I’ll be the first to admit that I don’t preach or teach much on the topic of giving. The reason I don’t is because I have heard so much foolishness from so many preachers on this topic that I’ve just shied away from it. I don’t want to be associated with people who appear to be marketing God’s blessings. They talk a lot about “seed faith,” but the soil they want to plant that seed in is often their own bank account. They call it their “ministry,” but too often their “ministry” is their own salary, house, clothes and cars.
Sacrificial Giving
It seems the concept of “personal sacrifice” is foreign to so many in our Western culture. In our materialistic world, the focus is on self, about getting all I can, canning all I get, sitting on the can, and selling the rest. Following the sacrifices of World War II, our nation has fostered generation after generation that has no idea what it means to sacrifice for someone else, or for a belief or ideal that is worthy of our very best. Why is the concept of sacrifice to foreign to so many? It is because a sacrifice cost something.

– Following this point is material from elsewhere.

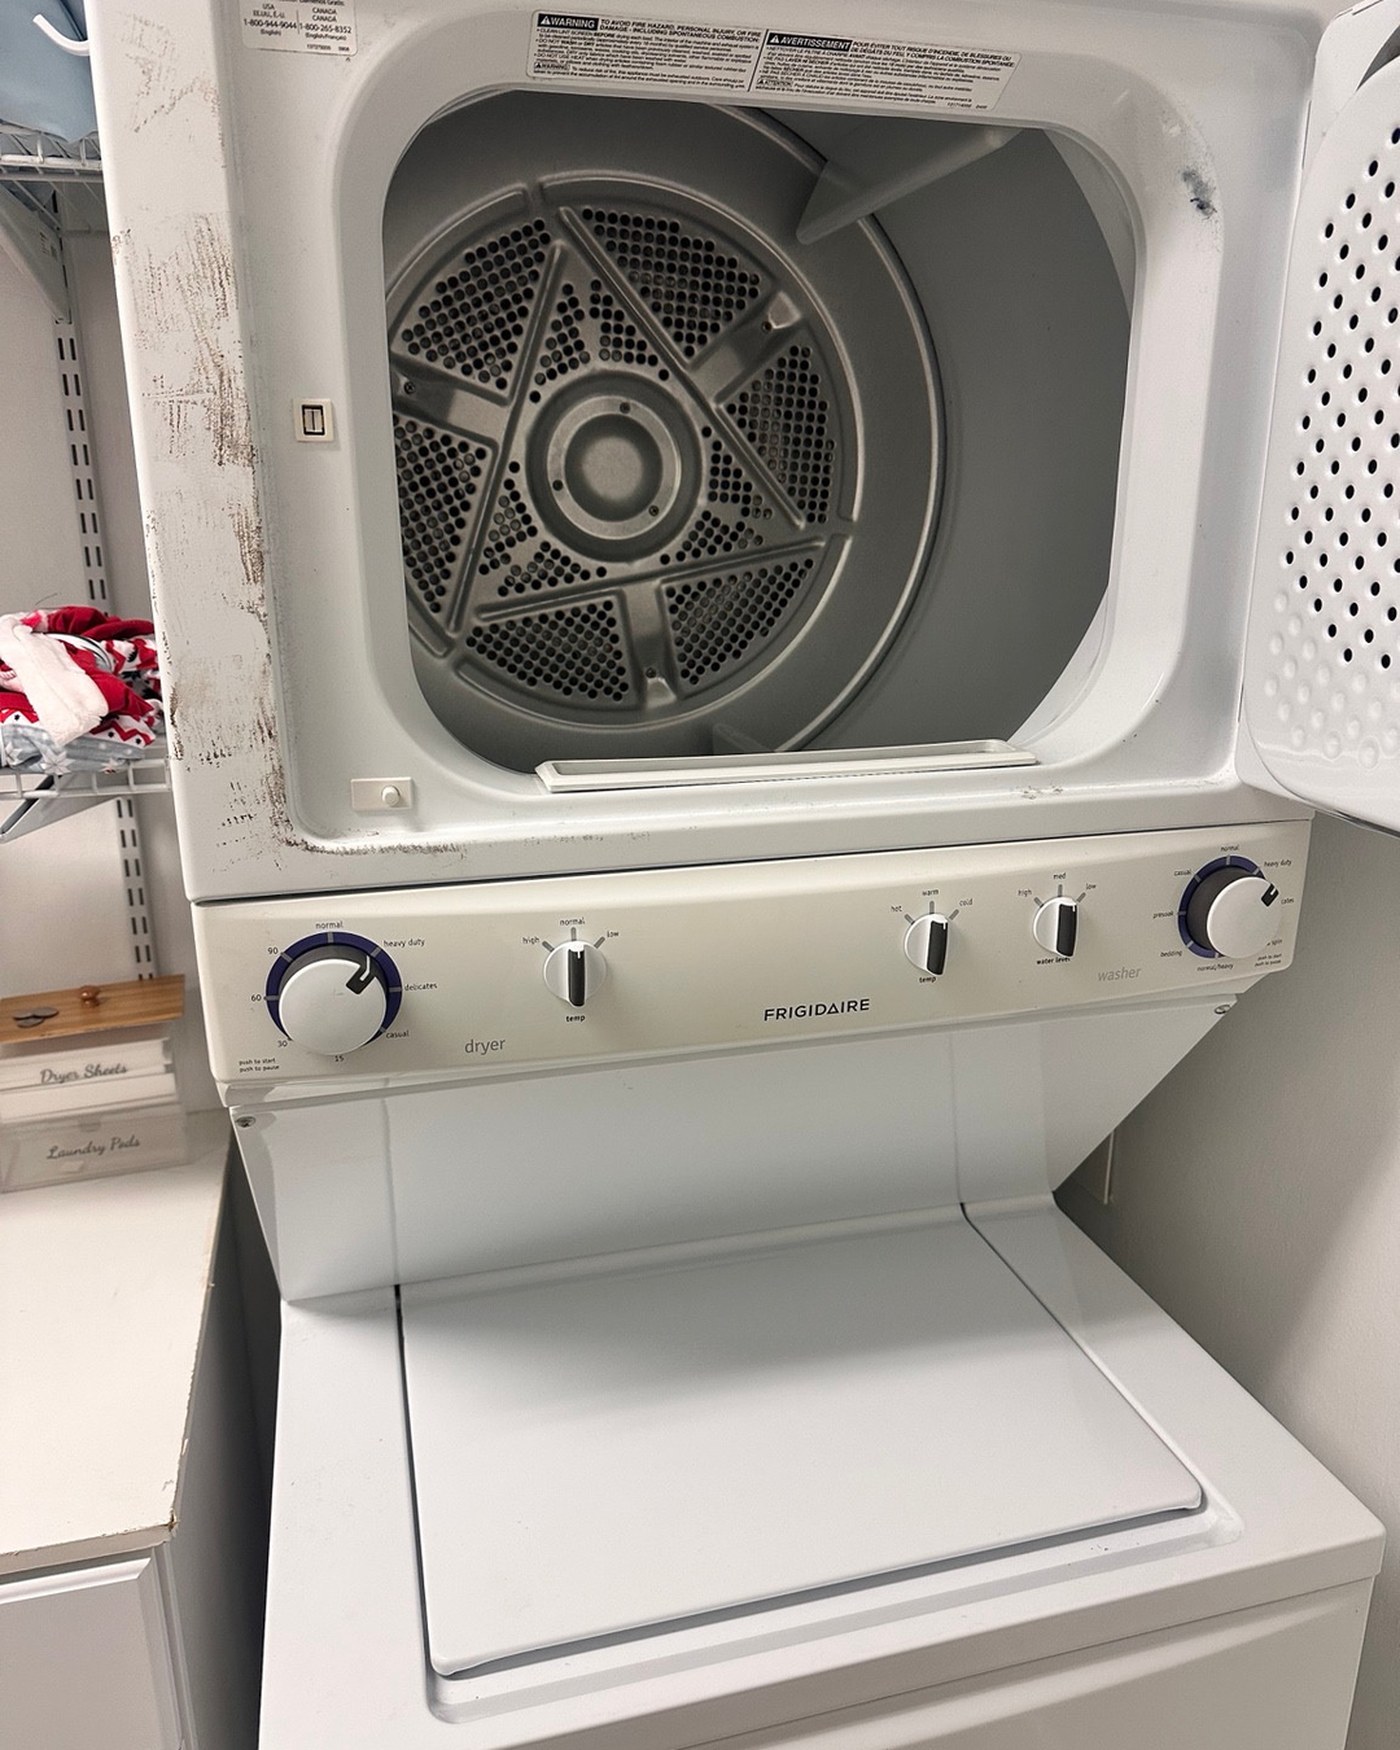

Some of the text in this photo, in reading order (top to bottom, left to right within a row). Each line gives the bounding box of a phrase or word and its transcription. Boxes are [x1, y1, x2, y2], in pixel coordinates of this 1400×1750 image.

What If I Gave All I Have?
I tend to believe the best in people, and I want to believe we are all being faithful in tithes and doing our very best in offerings. And I know what it feels like to do my best, and then have someone come along and tell me, “That’s not good enough.” That discourages a person, and makes it hard keep doing our best when we are made to feel like our best is never good enough. However, if we are faithful, God knows, and He always blesses the faithful. As the old song said, “There’s gonna be a payday, someday for all who have been true.”
Cheerful Giving
In 35 years of marriage, I’ve learned that there is a very real difference between cheerful giving and giving grudgingly. I cannot count the number of times my wife has asked me to do something—like take out the trash, walk the dogs, or pick up my socks—and the way I reacted was important to her. It isn’t just that I agree to do what she asks, but it is also “how” I agree to do it, that is important to her. There have been times when I was tired or in the middle of watching a football game and she’d ask me to do something. But if responded in a way was curt, lacking in charity or cheerfulness, she’d say, “You know what? Never mind, I’ll do it myself!” When I jumped up (out of guilt) and insisted that I’ll do it, she would say, “Forget it. If you don’t want to help, I’ll just do myself.”